Summer truly arrived yesterday. I knew this for sure when I was driving home from the grocery store and trying to figure out what was wrong with the car. The heater wasn’t on, the seat warmer wasn’t on, but it was strangely warm. I looked down at the outside temperature gauge and was shocked to read 19 Celsius!

I had to laugh. It’s been almost eight months since I have even thought the words air conditioner. I was out of practice in assuming a warm car could actually mean it was warm outside. I didn’t turn the ac on though. I just rolled down the window and smiled.

Later, I zipped down to Canadian Tire to pick up some garden supplies. I walked out back and summer had arrived there as well. Just a couple days ago all they had in their outdoor garden centre were pallets of soil and mulch. Today it was full of trees and plants. It was like stepping into a slice of heaven.

The potted fruit trees were in full blossom and loaded with bumble bees. I wondered if they came with the trees or if they had simply lucked out and spotted them below as they flew through the city. I suspect the latter, since they were in such a happy frenzy. They looked like I felt.

Nature is so miraculous and gardeners get a front row seat. How lucky are we?

The Rhubarb

Yesterday was the day! The snow has been gone from the front yard for awhile now, but in the back, stubbornly hunkered against the north side of the house, was a huge persistent chunk of snow that resembled an iceberg. Its melt rate has been painfully slow. Finally only a few shards remained and yesterday morning they were gone.

Insert happy spring dance here.

Oodles of crocuses have been blooming and daffodils are spearing their way skyward as well. Several perennials have even leafed out, including The Rhubarb.

I bought The Rhubarb the first spring we were in our new apartment. Strangely enough, of all the plants I had left behind in our country garden, it was the rhubarb unfurling in the spring that I missed most of all. I felt bad putting such an earthy plant into a pot, but it didn’t seem to mind. I thought maybe if I tucked it into a sheltered corner on the balcony come winter and surrounded it with other pots, the rhubarb might survive and I could look forward to its annual unfurling once again.

Instead there were some issues with my balcony garden and the strata complained, I overreacted, and banished the lot to our yard at the store. Come fall the pots were emptied and put away, but the pot with the rhubarb was tucked in a corner along the fence and forgotten.

We were well into the next spring, when Darcy discovered the rhubarb in full leaf.
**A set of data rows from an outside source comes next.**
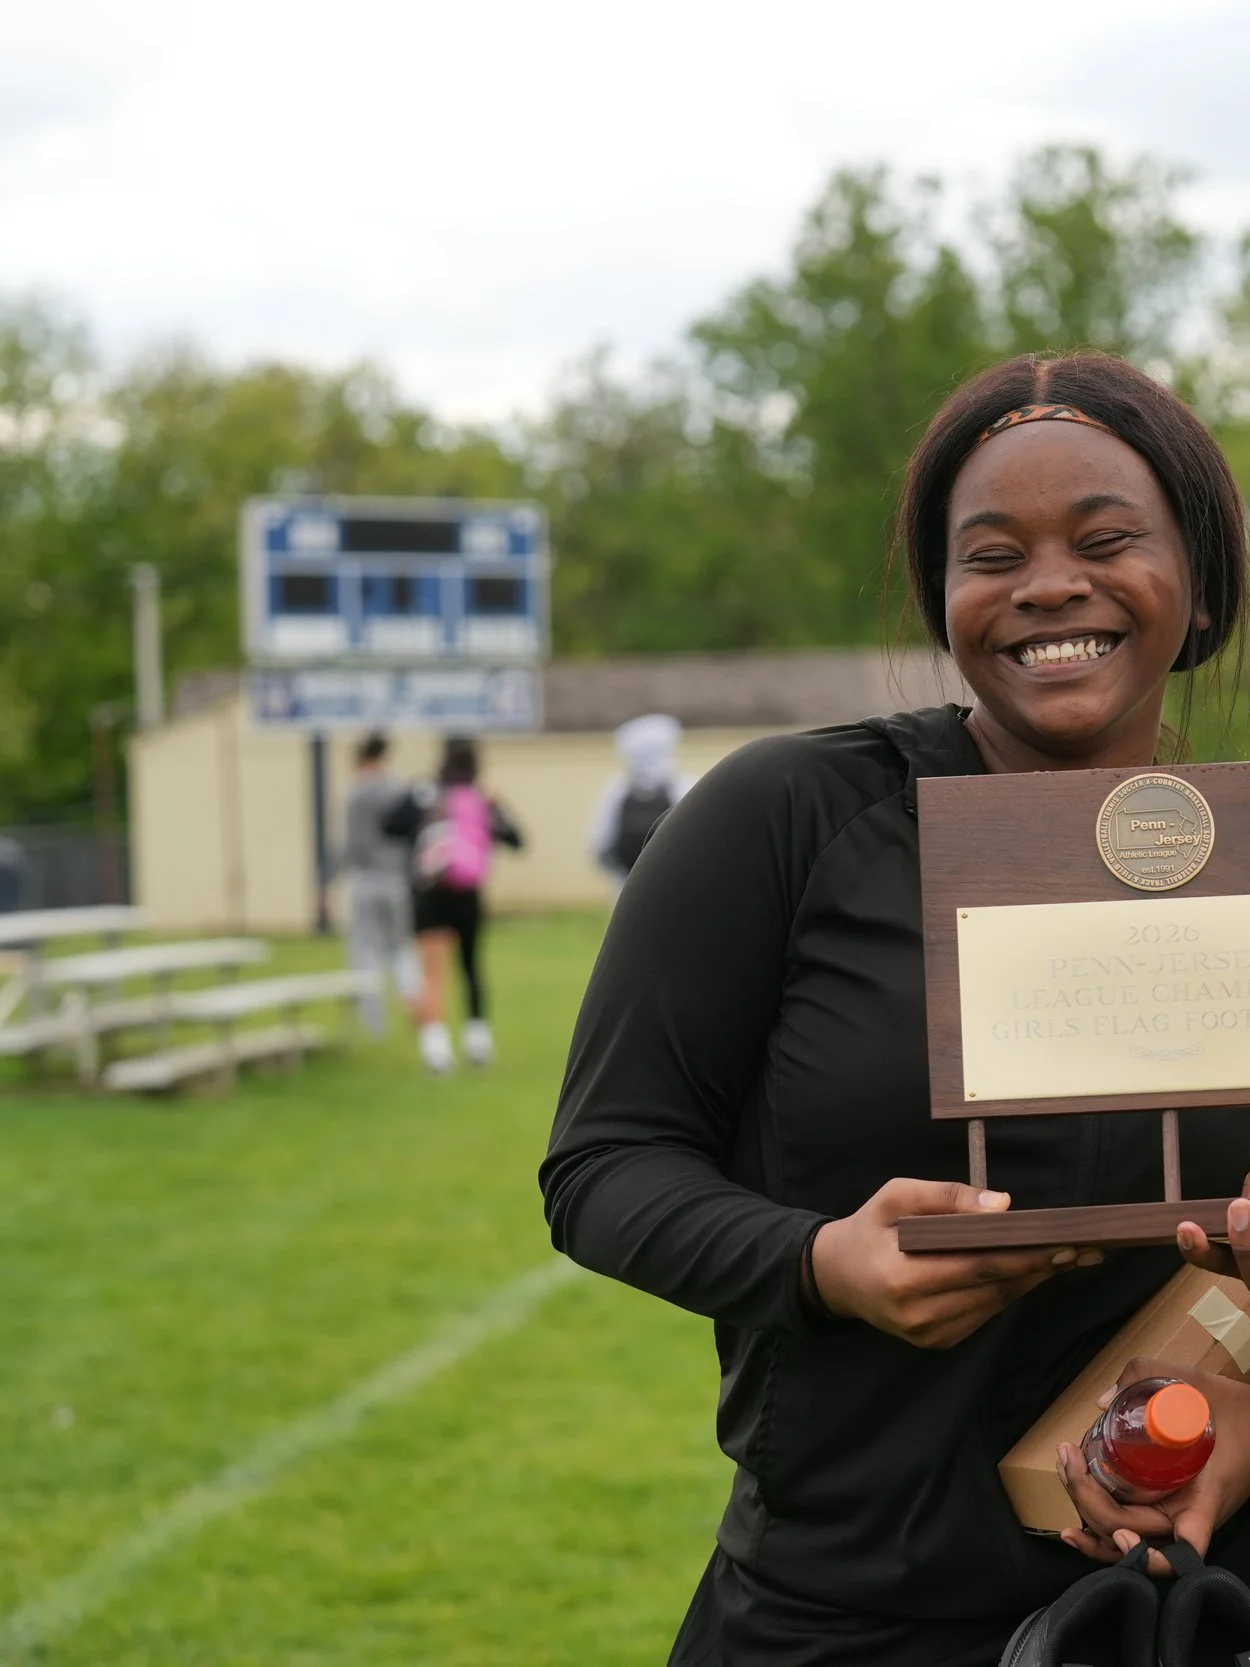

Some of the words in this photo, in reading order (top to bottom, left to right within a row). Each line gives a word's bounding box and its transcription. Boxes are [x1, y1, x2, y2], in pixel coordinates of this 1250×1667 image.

[1118, 779, 1144, 798] SOCCER
[1146, 777, 1185, 791] X-COUNTRY
[1103, 796, 1119, 820] TENNIS
[1185, 789, 1210, 827] BASKETBALL
[1131, 820, 1166, 831] Penn
[1101, 822, 1116, 863] VOLLEYBALL
[1155, 834, 1201, 846] Jersey
[1197, 830, 1210, 864] SOFTBALL
[1120, 850, 1148, 859] Athletic
[1149, 850, 1177, 859] League
[1113, 863, 1132, 880] FIELD
[1139, 878, 1165, 887] TRACK
[1166, 864, 1198, 886] BASEBALL
[1123, 923, 1200, 946] 2026
[1012, 984, 1140, 1010] LEAGUE
[992, 1017, 1080, 1040] GIRLS
[1092, 1013, 1170, 1035] FLAG
By this time I had rented four beds at the Community Garden, so I took the rhubarb there where it hung out in its pot, at the end of one of my beds. I left it there come winter, and the next spring up it came in its pot once again. The following spring we moved into our house and the rhubarb was brought from the community garden to our backyard, released from its pot and for the first time in its rhubarb life, allowed to discover what it was like to wiggle its roots deep into the earth.

And now, here it is, coming up once again, but this time sans pot.
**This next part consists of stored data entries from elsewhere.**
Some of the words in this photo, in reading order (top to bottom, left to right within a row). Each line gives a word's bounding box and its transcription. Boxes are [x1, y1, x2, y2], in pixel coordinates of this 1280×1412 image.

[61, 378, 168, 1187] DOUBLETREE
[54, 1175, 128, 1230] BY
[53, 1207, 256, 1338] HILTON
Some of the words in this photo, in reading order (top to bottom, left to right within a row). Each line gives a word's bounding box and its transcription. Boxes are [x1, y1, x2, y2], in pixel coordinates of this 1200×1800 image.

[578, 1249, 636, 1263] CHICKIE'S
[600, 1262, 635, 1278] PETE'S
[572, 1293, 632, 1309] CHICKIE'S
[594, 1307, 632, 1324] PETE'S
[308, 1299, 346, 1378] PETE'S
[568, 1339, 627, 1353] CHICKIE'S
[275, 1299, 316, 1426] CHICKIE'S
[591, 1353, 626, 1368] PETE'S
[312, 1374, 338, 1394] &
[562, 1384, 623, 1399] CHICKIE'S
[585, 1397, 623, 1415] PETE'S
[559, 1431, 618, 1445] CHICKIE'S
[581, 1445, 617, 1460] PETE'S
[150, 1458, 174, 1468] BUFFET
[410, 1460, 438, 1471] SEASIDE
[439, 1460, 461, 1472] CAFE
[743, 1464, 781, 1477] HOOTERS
The really weird thing about all of this? I don’t even like rhubarb. As a kid my mom would send me outside with a bowl of sugar and I would pull up a rhubarb stalk, laze out in a lawn chair and basically use the rhubarb to spoon up the sugar.

Darcy is even more ambivalent about rhubarb than I am. Even sugared up rhubarb pies or cobblers fail to impress him much. Our sons were a different story. Not only did they love rhubarb, they ate it raw without any sugar at all, causing us to worry they were deficient in some kind of vitamin or mineral or something.

I will always grow rhubarb simply for its early rise in the spring, its majestic leaves, its gorgeous ruby stalks and the plumes of cream that froth its tops later in the season (though if growing for production you usually snap the stalks off before they flower). If left to bloom, it is a worthy stand in for other ornamentals such as rodgersia. My whole goal for the front yard is to create a space that is equally edible and pretty. Another bonus for using rhubarb out front is that deer leave it alone.

A rhubarb in bloom against that big Peace Country sky!

The Rhubarb, however, was planted in the backyard. Of course it was. I feel guilty to be moving the poor thing once again after it has been so brave, for so long, but hopefully this move will be its last. And not because the move kills it. Given its years of tenacity I am sure it will make the move without mishap. It would be pretty ironic if this is what ends up doing it in though.

And who knows? Maybe our tastes have changed. Once The Rhubarb is established, I think I will try out a few rhubarb recipes again just to find out. That’s a wonderful thing about life. Things are always changing and you just never know.

Spring Temptations

Spring is being generous with our town this year. She showed up soft and slow, giving the city some time to sort out the sewer drains before hitting double digits this week.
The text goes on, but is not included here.